While we were still anchored off Trieste, a few days after the departure of the convoy which took Sampo Karjalainen towards his death, Doctor Friedrich Reiner came in person to call on me on board the Tübingen. It was the evening before we set sail for North Africa. The sailors were making the final adjustments by the light of the ship’s lanterns. A strong bora was blowing, hurling itself upon the ship with all its force; the autumn sky was filling up with clouds, glowing pink in the light of the setting sun. I was lying low in my study when the watch officer informed me of the doctor’s arrival.

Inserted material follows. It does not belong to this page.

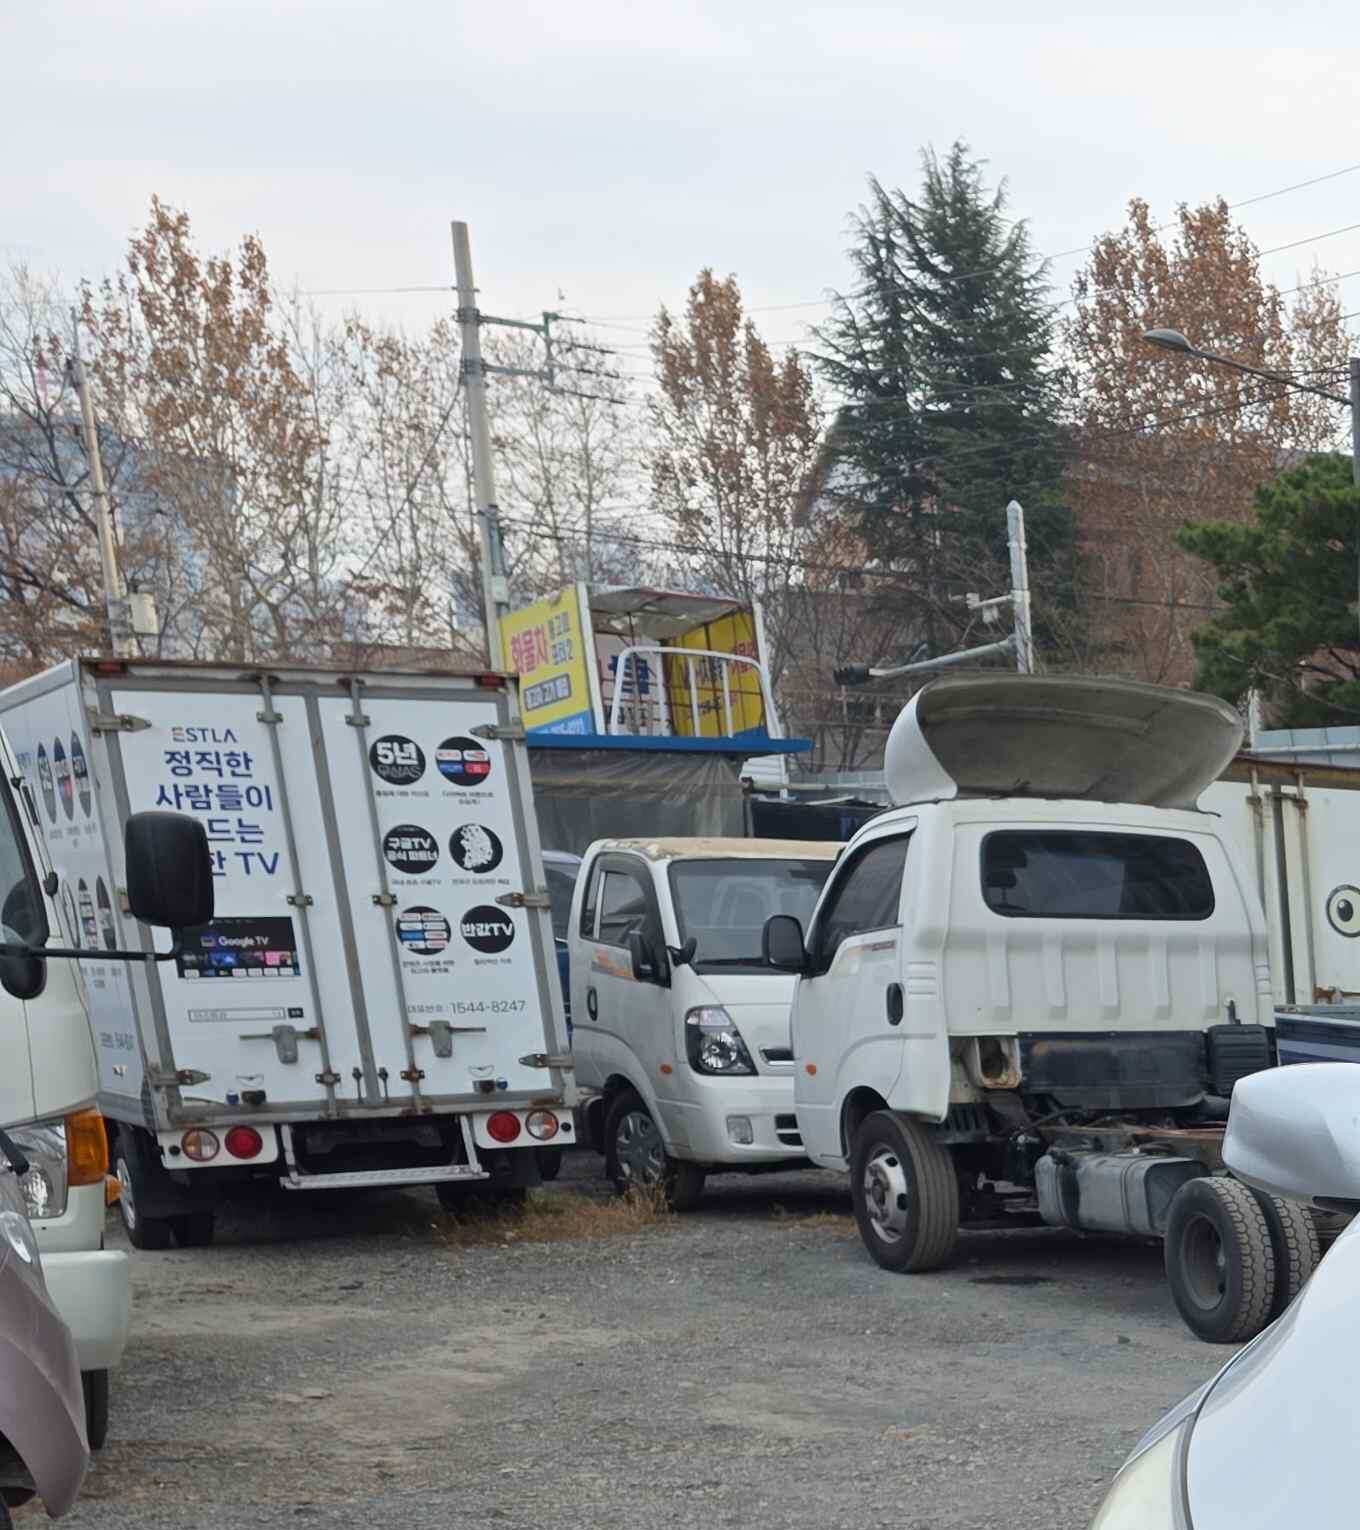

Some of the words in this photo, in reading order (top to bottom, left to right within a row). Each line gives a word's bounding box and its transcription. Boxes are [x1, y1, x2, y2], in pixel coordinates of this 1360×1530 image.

The gust of wind that entered the room with him was as chilling as the news that he brought with him. He placed a package on the table — it was tied up with shoe laces, and wrapped up in a blue-striped pocket handkerchief with the initials S.K. embroidered on the edge — then proceeded to undo it with a solemn air. It contained a military identification tag engraved with the name Stefan Klein and the number 97840028, an empty wallet, an Italian railway ticket and a piece of crumpled paper, folded into four. On inspection, this turned out to be a document issued by the Italian navy, granting a fortnight’s special leave, starting from 7 September 1943, to the soldier Massimiliano Brodar, born in Trieste on 6 December 1916 and resident in Via San Nicolo 10. Noting my bewildered expression, Doctor Reiner unbuttoned his greatcoat and began to explain.